Through combining speed and relevancy, organizations can help
increase employee adoption rates and use of notification systems and
ultimately ensure that alerts effectively reach, inform and positively
impact your school.
ABILITY TO ASSIGN USERS CERTAIN
LEVELS OF SYSTEM ACCESSIBILITY
Although we read often about software and hardware breakdowns that
lead to cyber breaches or other negative outcomes, in reality human
beings are most often the weak point in the system. That’s not to say that
your IT team isn’t doing their job well, but today’s malicious users are
incredibly sophisticated when it comes to influencing human behavior,
and most of the time their targets aren’t even the technical employees,
but other individuals who might have access and can be exploited.
To maintain the integrity of your mass notification solution - as well
as the larger integrity of your entire IT system - you should be able to
assign users different levels of system accessibility, so only those with
the most technical expertise have full access to the mission-critical
parts of the system. For other users who may simply need to login to
send a daily message, that level of access should more restrictive. This
differentiation can help prevent cyber breaches, incorrect notifications
and false alarms.
DOES IT MEET REGULATORY/COMPLIANCE
REQUIREMENTS LIKE THE CLERY ACT?
The Clery Act is a consumer protection law that aims to provide transparency
around campus crime policy and statistics. When a crime covered
by the Clery Act occurs, campus officials are required to evaluate if
there is a serious or ongoing threat to the campus community to determine
if a timely warning needs to be issued to all staff and students.
In the event of an immediate, significant danger to the health or safety
campus community (e.g., weather, disease outbreak), campus officials
may issue an emergency notification. This notification can include the
entire campus, or be limited to a specific area deemed to be at risk.
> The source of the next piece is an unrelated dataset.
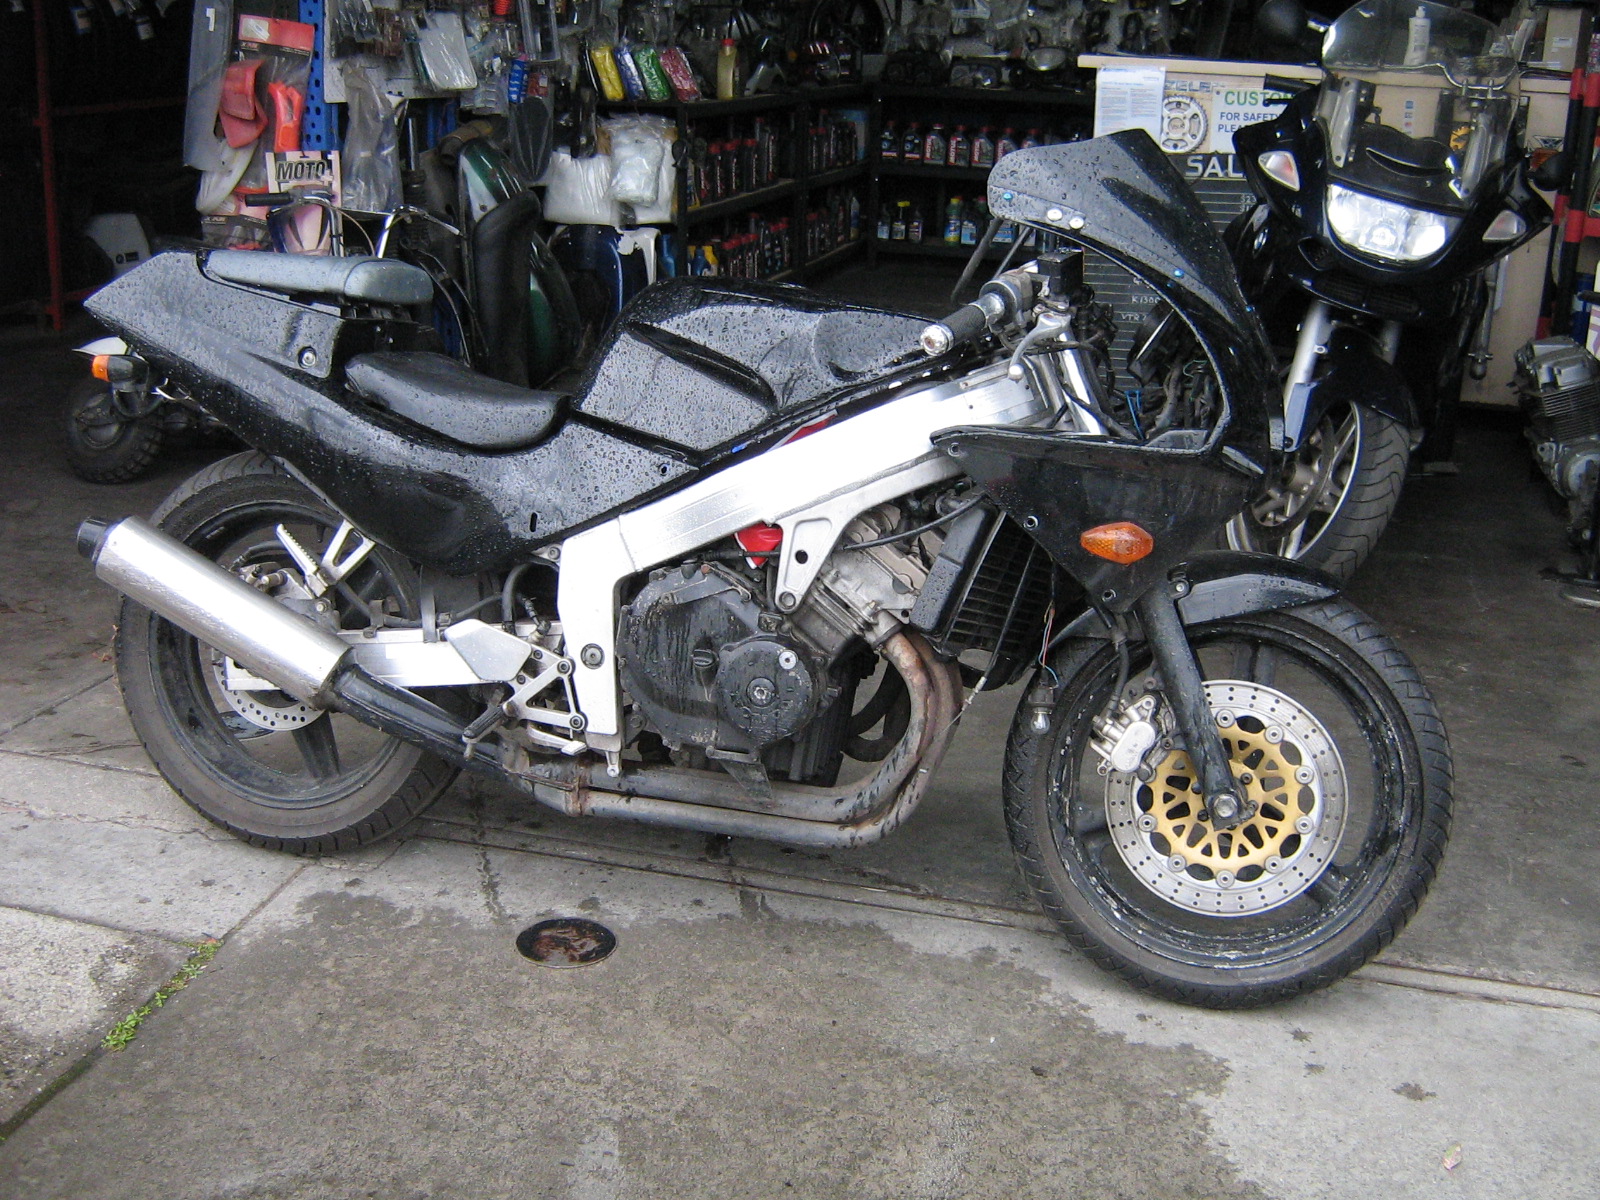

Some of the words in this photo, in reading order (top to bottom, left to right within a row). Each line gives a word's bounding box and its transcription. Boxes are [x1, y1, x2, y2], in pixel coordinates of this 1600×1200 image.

For campus officials, understanding what qualifies under the Clery
Act is crucial, and your mass notification provider must be able to offer
sound guidance to help ensure your team is in lock-step with Act
requirements.
It’s time to ensure your campus is ready for anything
Researching and demoing new technology solutions can be time consuming,
selling the idea to school officials who control the budget can
be difficult, and securing buy-in from IT staff for implementation can
take some cajoling. At the end of the day, though, the well-being of
students, faculty and parents is simply far too
important to delay starting the process of selecting a
mass notification system. The best solutions are
already saving lives—can you afford to wait?